И случилось то, чего не ожидал Богдан. Толпа вплотную подступила, чьи-то руки схватили за шубу, кто-то подколол аргамака острым. Конь, визжа, взвился на дыбы, и не отпусти стрелец узду, неведомо, чем бы всё кончилось. Скорее всего, свалили бы под ноги нарядного Богдана. А под ногами-то, под каблуками — не сладко: косточки хрустят.
Но подскочили молодцы, на кониках, хлеща нагайками по головам, по рукам, по плечам, отбили Бельского; поддерживая с боков, поскакали к Спасским воротам.
В толпе засвистели. Кто-то кинул ком грязи и испятнал, изгадил богатую Богданову шубу.
Зашевелился Пожар, заходил, забурлил. Вишь ты, нарядного, знатного прогнали прочь! Сопливый мужичонка в драных портах, всего-навсего привёзший пуд мороженых карасей на торжище, и тот сорвал серую шапчонку, засвистел в два пальца:
— Улю-лю-лю!
…Слуги всё подносили и подносили меды да водки, но вино не помогало. Ворочал Бельский головой, оглядывал боярские лица, думал: «Кафтан-то я шил новый, а вот дыры в нём оказались старые».
Но то, что сделано — сделано и назад не вернуть. Одно оставалось Богдану — пить вино.
Бояре сидели хмурые. Веселья не было за столом. Фёдор Никитич постукивал дорогим перстнем в серебряную ендову, полную вина, поглядывал на Богдана, и в глазах у него была тоска. Вот и многое могли бояре, и люди были под рукой у каждого, и людей тех немало, было золото, власть, что порой и сильнее золота, но не связывались концы. Морщил многодумный лоб боярин Фёдор, старший в роду — да ещё в каком роду! Однако напрасно с надеждой поглядывали на него сидящие рядом братья.
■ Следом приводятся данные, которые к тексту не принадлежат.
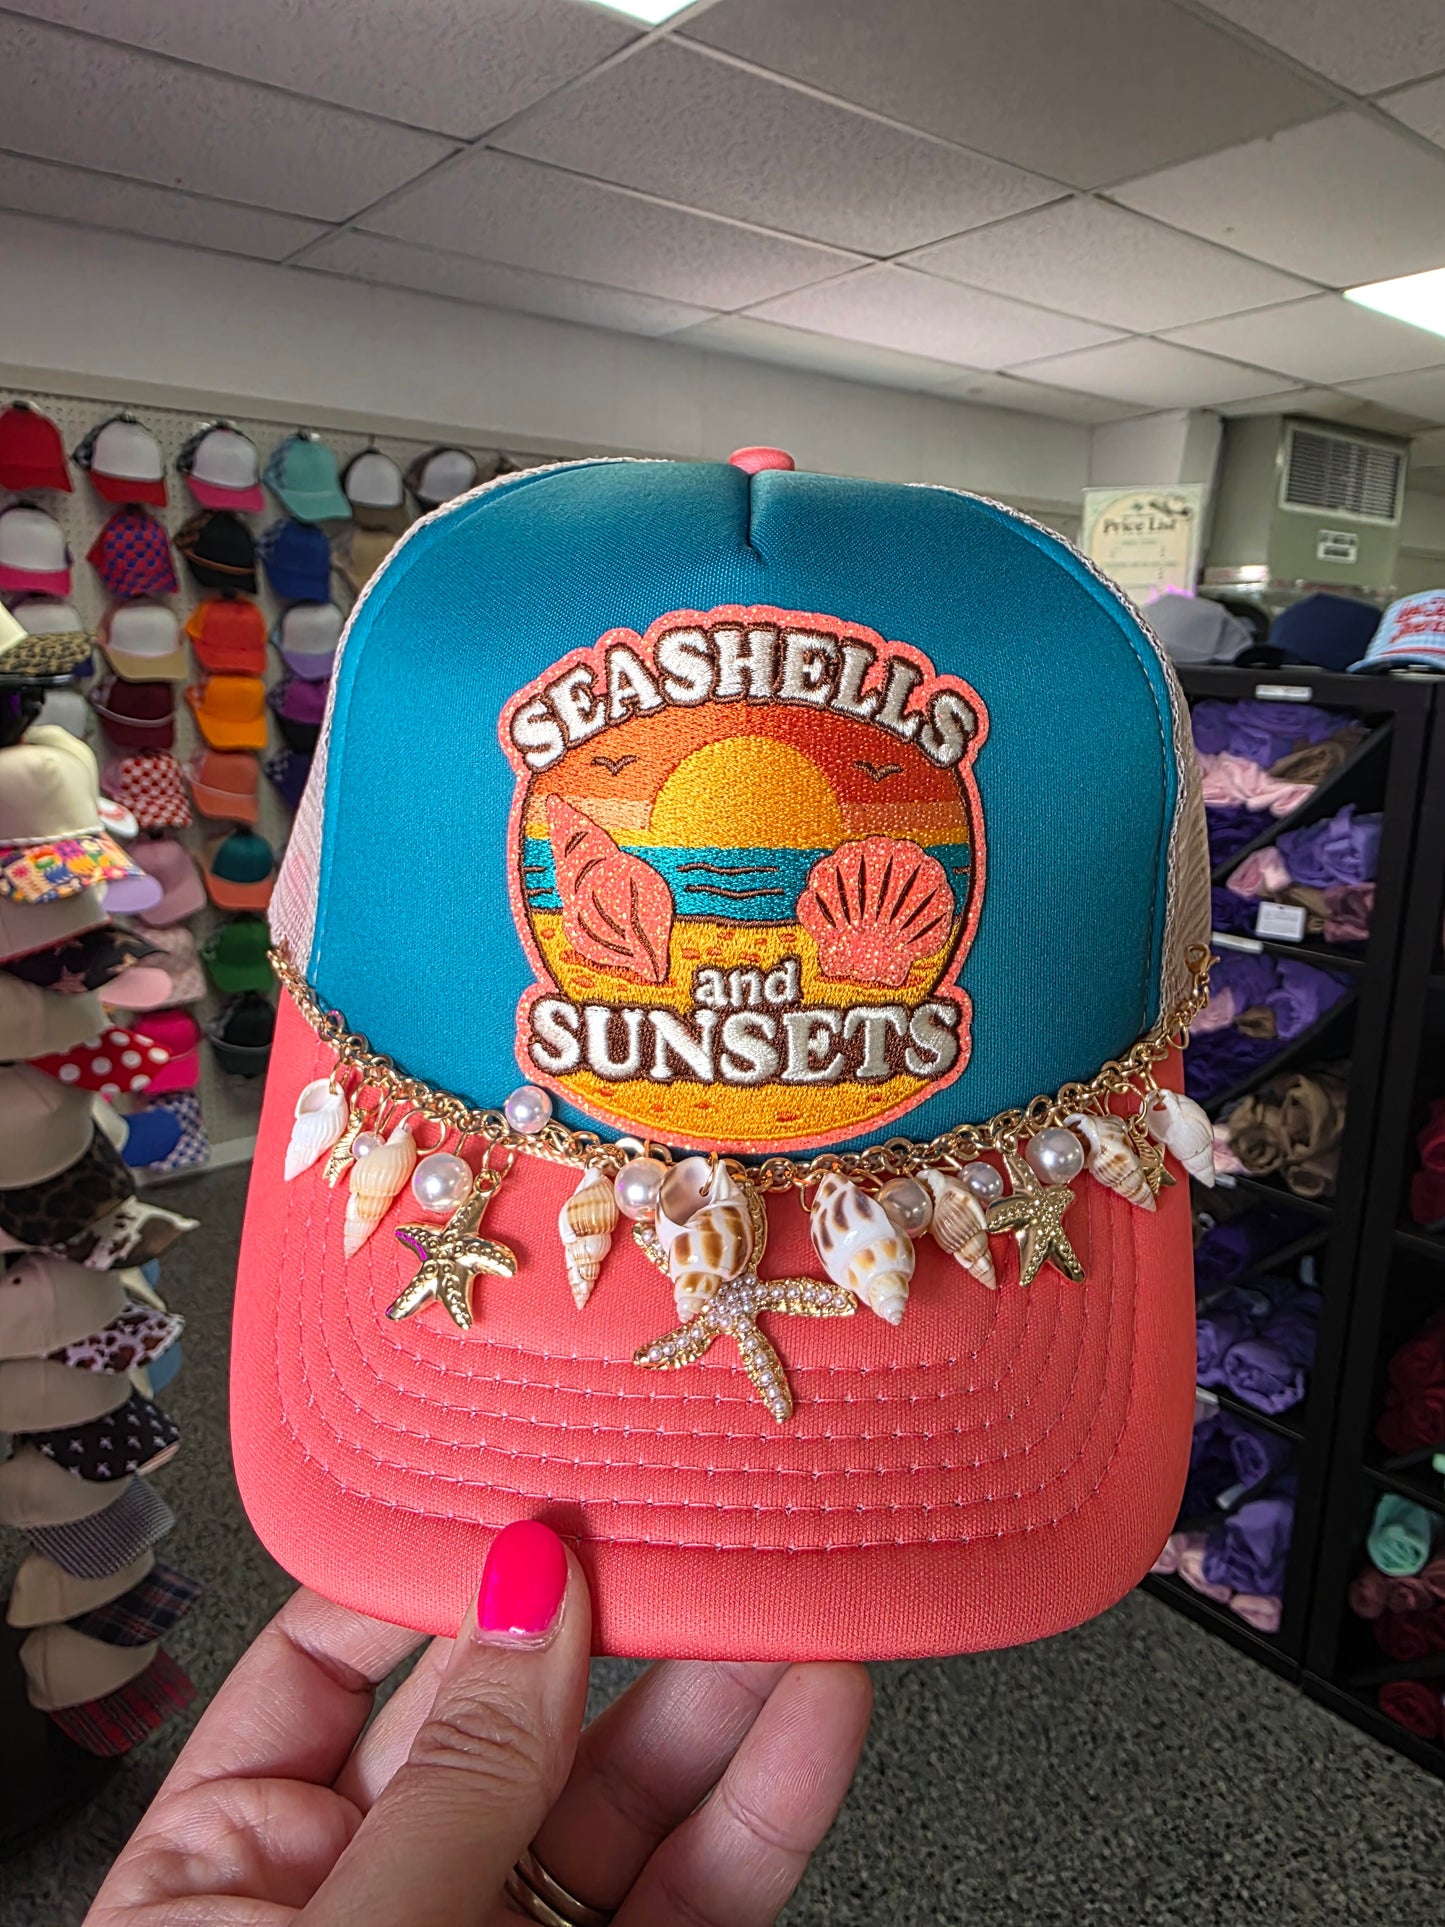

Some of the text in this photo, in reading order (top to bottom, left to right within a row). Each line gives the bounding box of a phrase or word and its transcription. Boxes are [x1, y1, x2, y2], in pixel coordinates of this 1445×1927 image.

Словно с завязанными глазами сидел за столом боярин Фёдор. И умный был человек, книгочей, знаток многотрудной истории, а понять не мог, что застит ему глаза.
У Богдана был ещё козырь. Бориса разом прихлопнуть можно было, ежели только эту карту на стол бросить. Богдан опустил лицо. И вдруг забрезжило в сознании — он, как и Борис в Новодевичьем, увидел длинный переход кремлёвского дворца, каменные плиты пола. Дверь в царёву спальню неслышно растворилась. На ложе в неверном свете лампад возлежал царь Иван Васильевич. Память Богданова, чётко, безжалостно, до содрогания, высветила лицо Грозного. Богдан руку поднял, пальцы вдавились в глаза. «Нет, — как и предвидел Борис, осадил Богдан скачущие мысли, — тот козырь из колоды доставать нельзя, ибо прихлопнет и правителя, и меня с ним». — Вина, — крикнул Богдан, — вина!